The JCS, unable to overcome crippling inter-service rivalry and torn between offering professional military strategic advice (as they were charged to do under the constitution) and loyalty to a President they rightly perceived as authorising military actions which could only have disastrous results, allowed themselves to be marginalised from the decision-making process. They, too, emerge with little credit, clearly seeing the consequences of the administration's decisions but lacking sufficient conviction or backbone to either act or resign, tried to make the best of a very bad job, making a bigger mess in the process.
An extremely well-researched and written book, the conclusions are more damning due to the balanced and cool approach adopted by McMaster. It would be easy to tip into righteous indignation, but McMaster's approach is all the more effective.
Along with Bernard Fall's books and Neil Sheehan's 'A Bright Shining Lie', one of the best on the subject.

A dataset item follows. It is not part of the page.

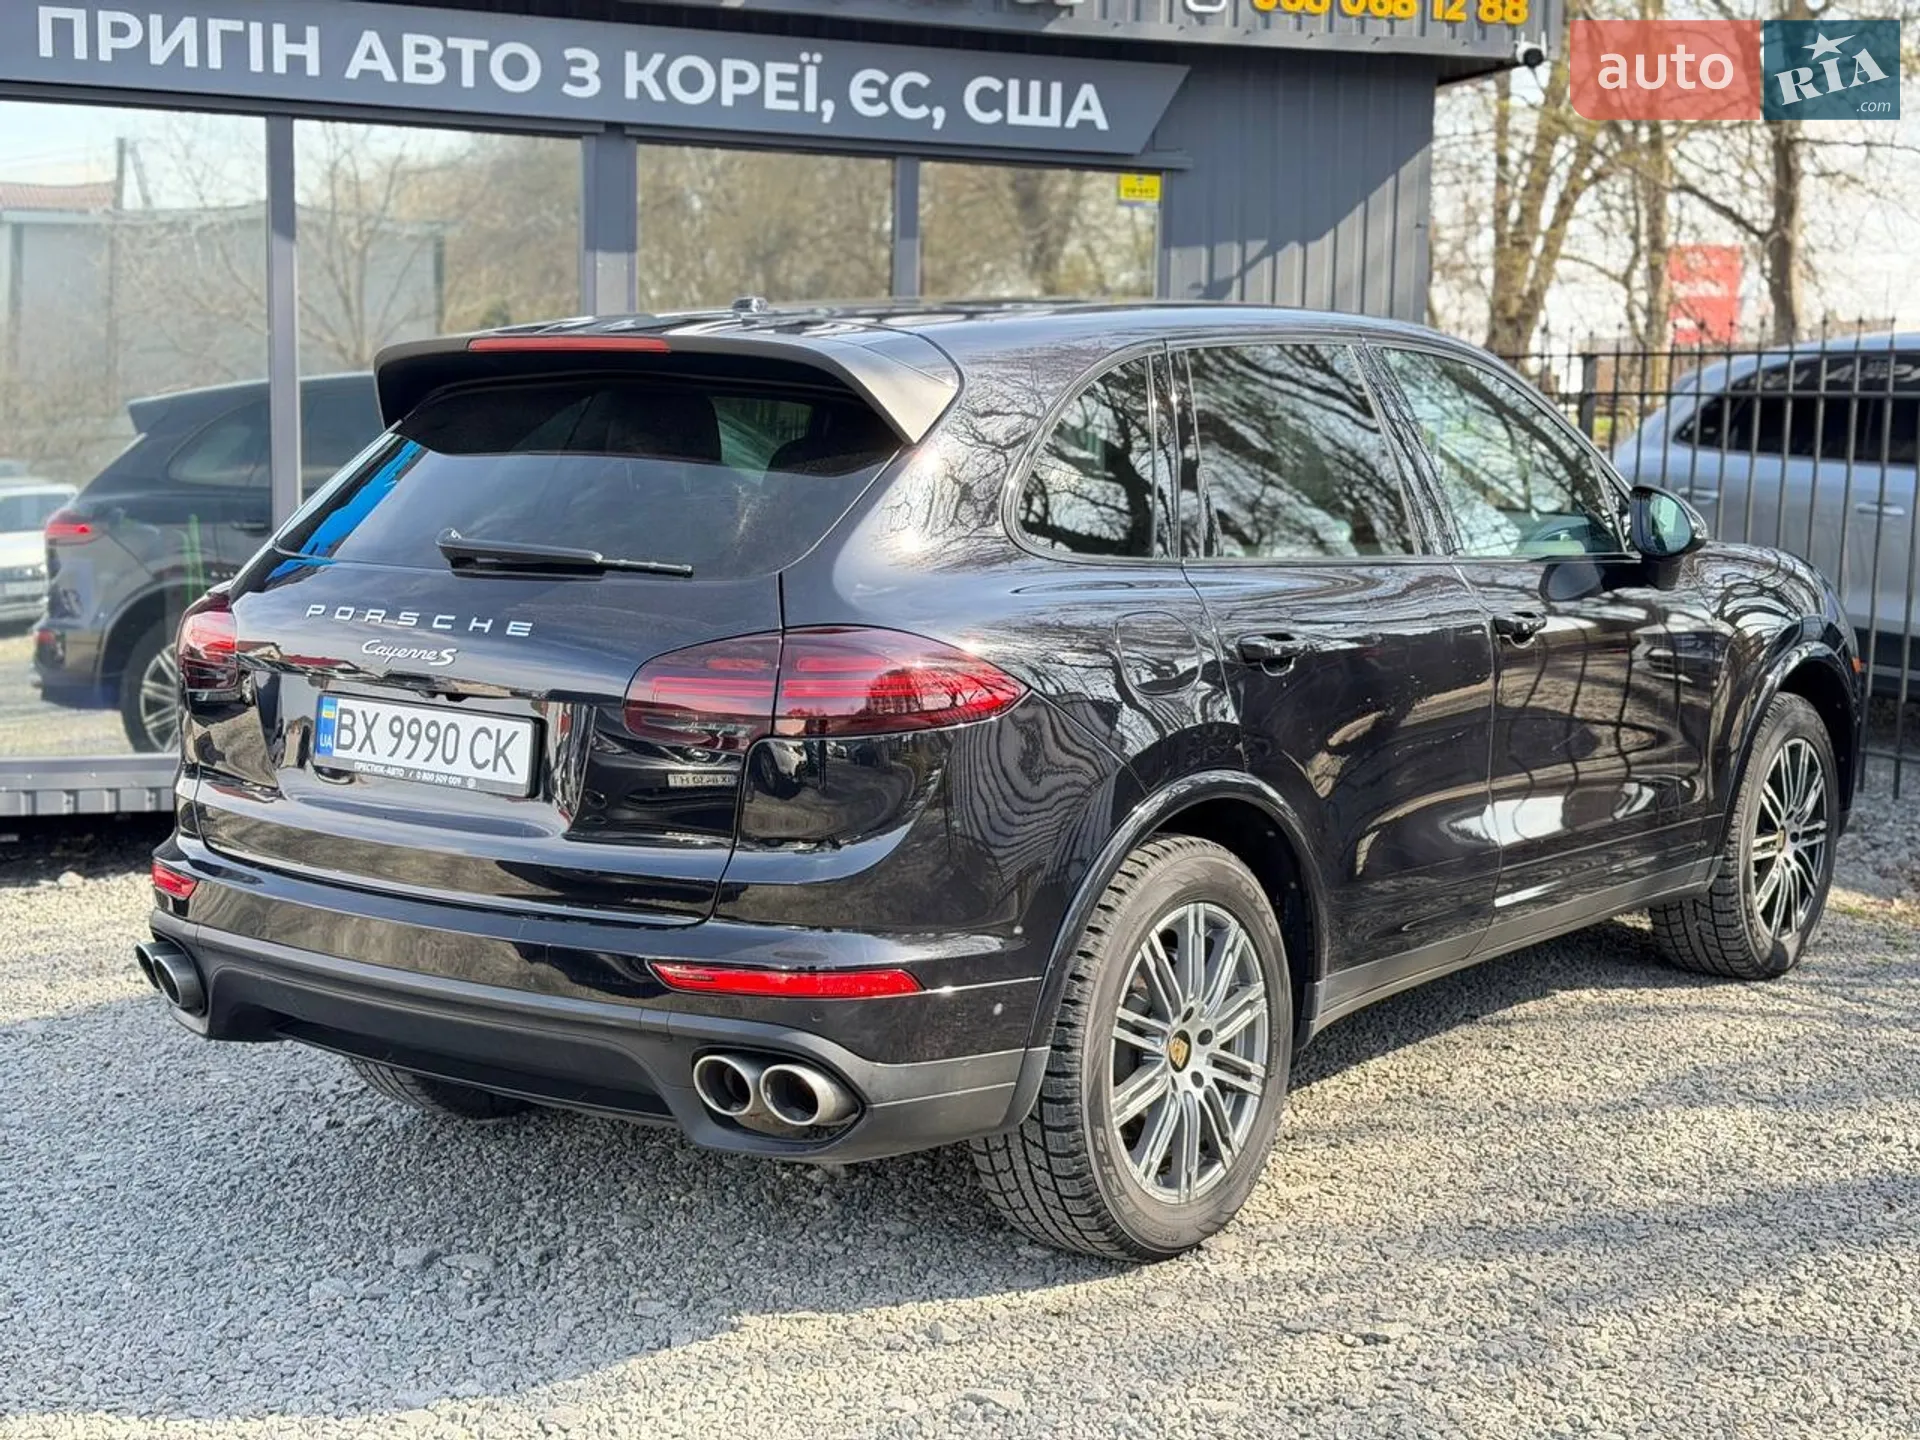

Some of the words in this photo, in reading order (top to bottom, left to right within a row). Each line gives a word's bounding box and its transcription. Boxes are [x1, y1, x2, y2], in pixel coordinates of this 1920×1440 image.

The Duty To Tell The Truth
Given all the current talk about how the current Iraq war is or is not turning into a new Vietnam I thought this book would be an interesting read. What I found was a book that described a presidency that was so concerned with their political standing that they were almost incapable of determining a course of action and following it. The author spent time reviewing all the documents and tapes he could get his hands on to try and figure out what really happened with the war and where did the US lose the war. What the reader is shown is that first off the main players in the war strategy, the Joint Chief's of staff verses the President and the Secretary of Defense all distrusted each other and were working toward different ends. LBJ continued to make personnel decisions regarding the leaders of the armed services to put men that he could control instead of the best men for the job. This created a major riff between the players that really need to be working as a close team during a war.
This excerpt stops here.